§ **PROBLEM**: With the pictures left out, write every entry down exactly.

Recorded data:
# # # # # # #

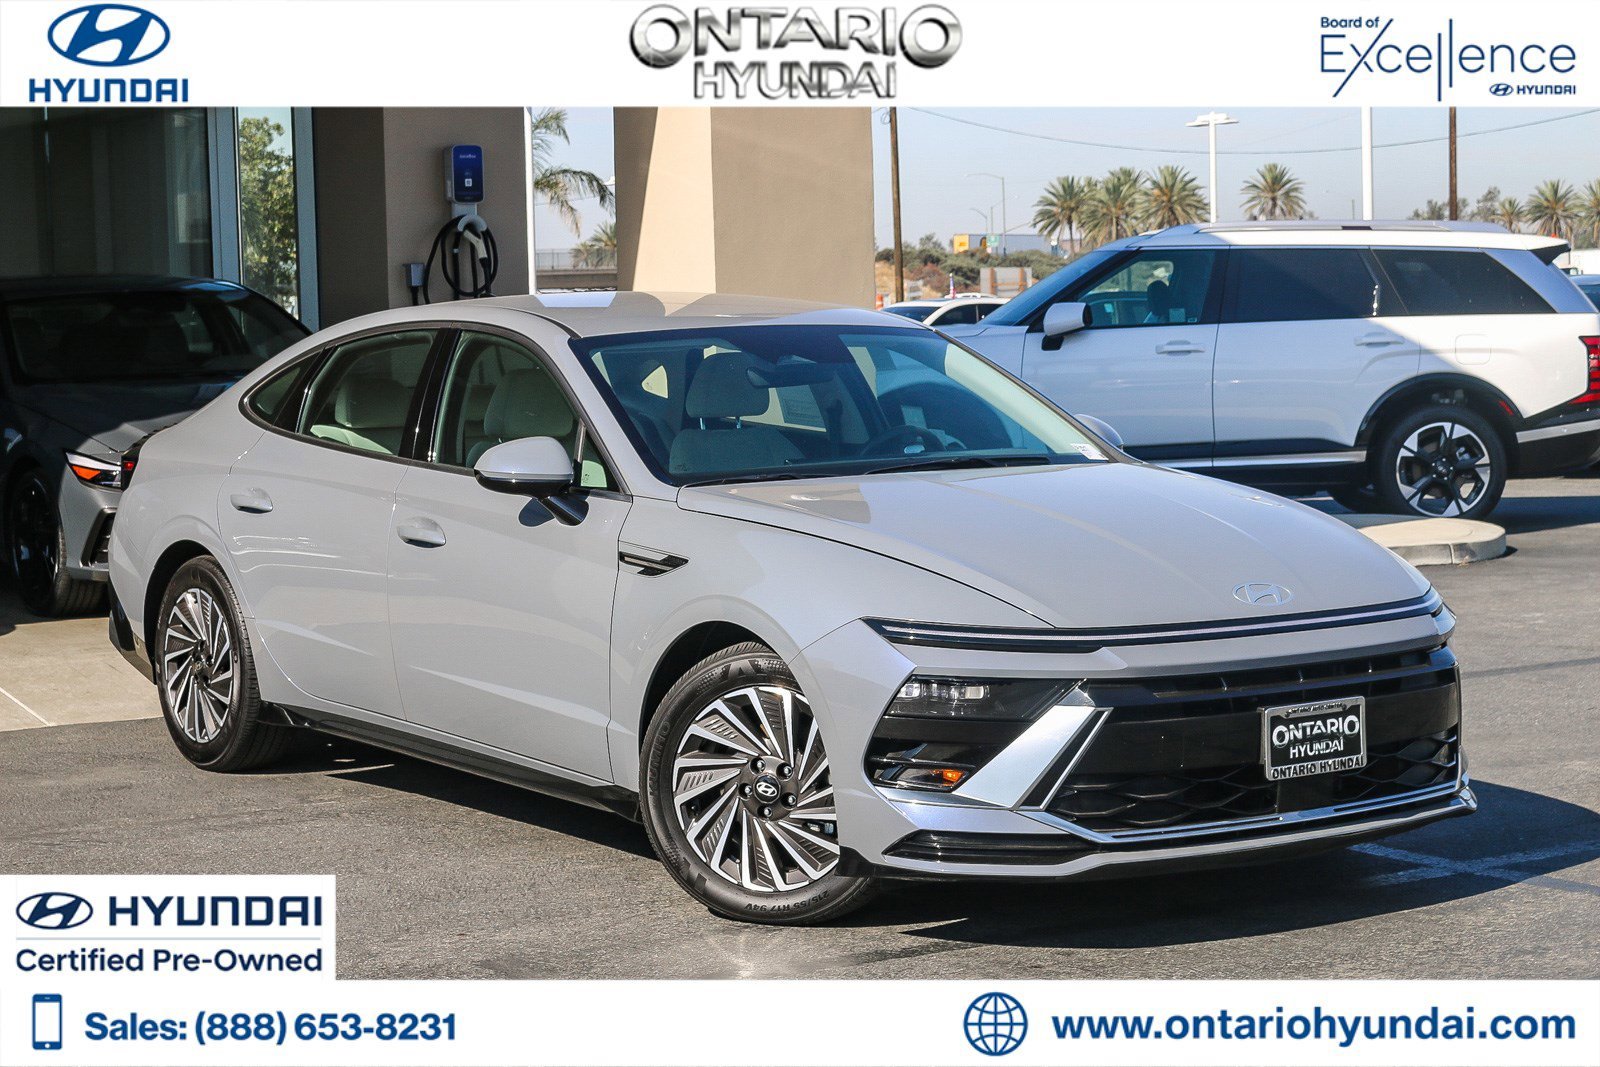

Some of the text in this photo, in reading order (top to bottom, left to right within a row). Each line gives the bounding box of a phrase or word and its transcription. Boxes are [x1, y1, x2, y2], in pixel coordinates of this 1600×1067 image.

[1272, 715, 1360, 747] ONTARIO
[1289, 736, 1344, 759] HYUNDAI
[1272, 755, 1364, 779] ONTARIO HYUNDAI
[744, 890, 830, 912] 215/55 R17 94V
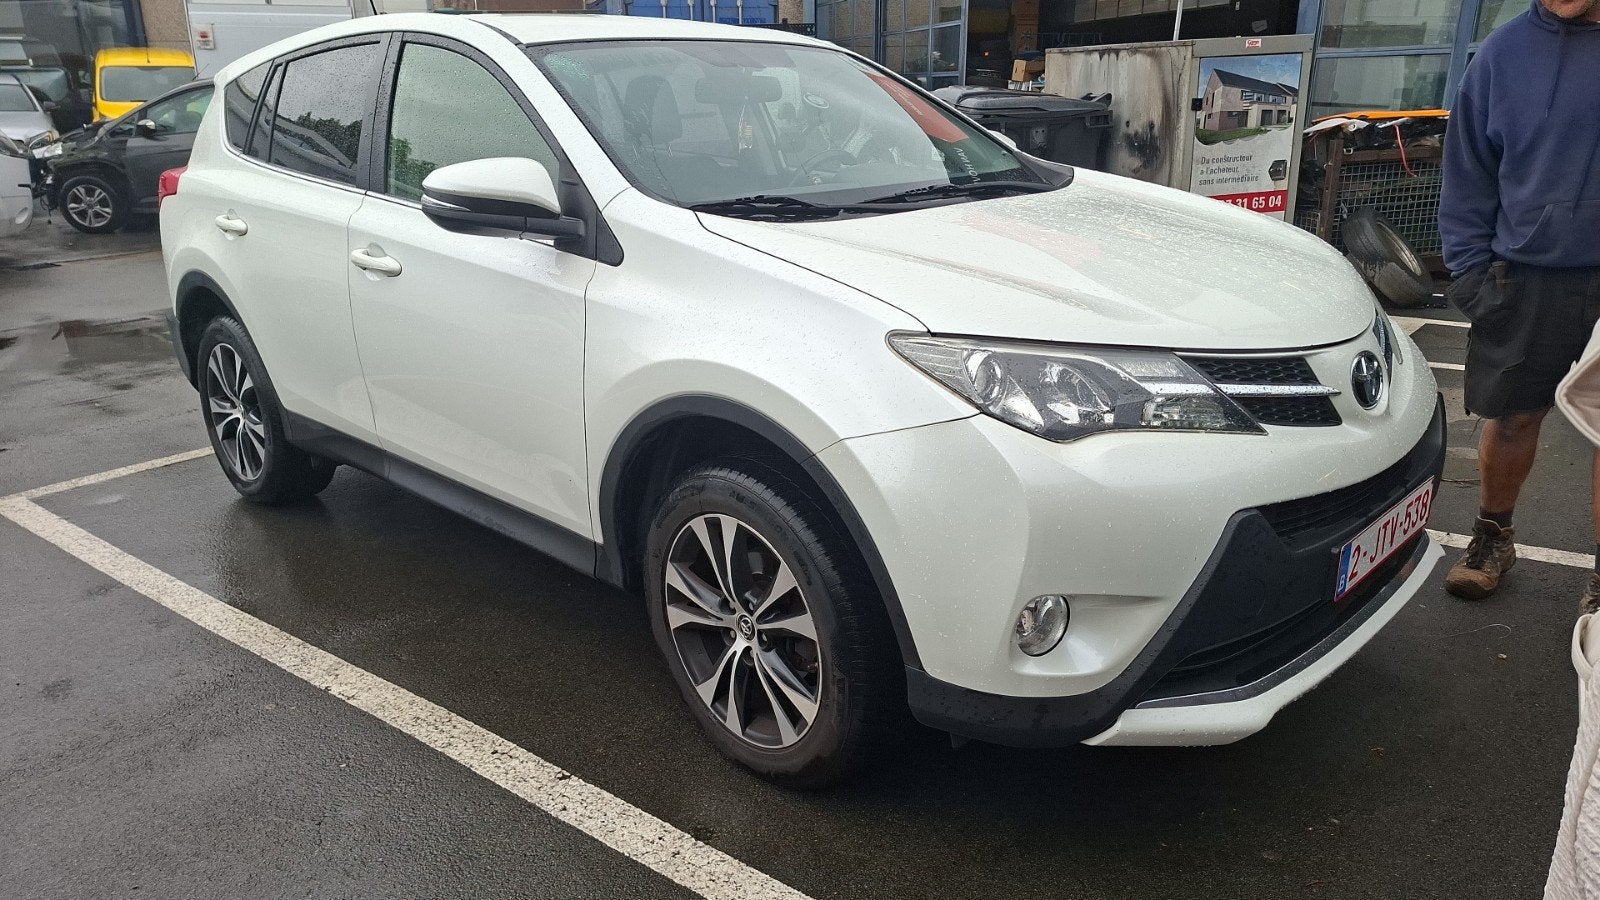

# # # # # # #

§ **WRITTEN ANSWER**:
Some of the text in this photo, in reading order (top to bottom, left to right within a row). Each line gives the bounding box of a phrase or word and its transcription. Boxes are [x1, y1, x2, y2], in pixel coordinates of this 1600×1067 image.

[1272, 715, 1360, 747] ONTARIO
[1289, 736, 1344, 759] HYUNDAI
[1272, 755, 1364, 779] ONTARIO HYUNDAI
[744, 890, 830, 912] 215/55 R17 94V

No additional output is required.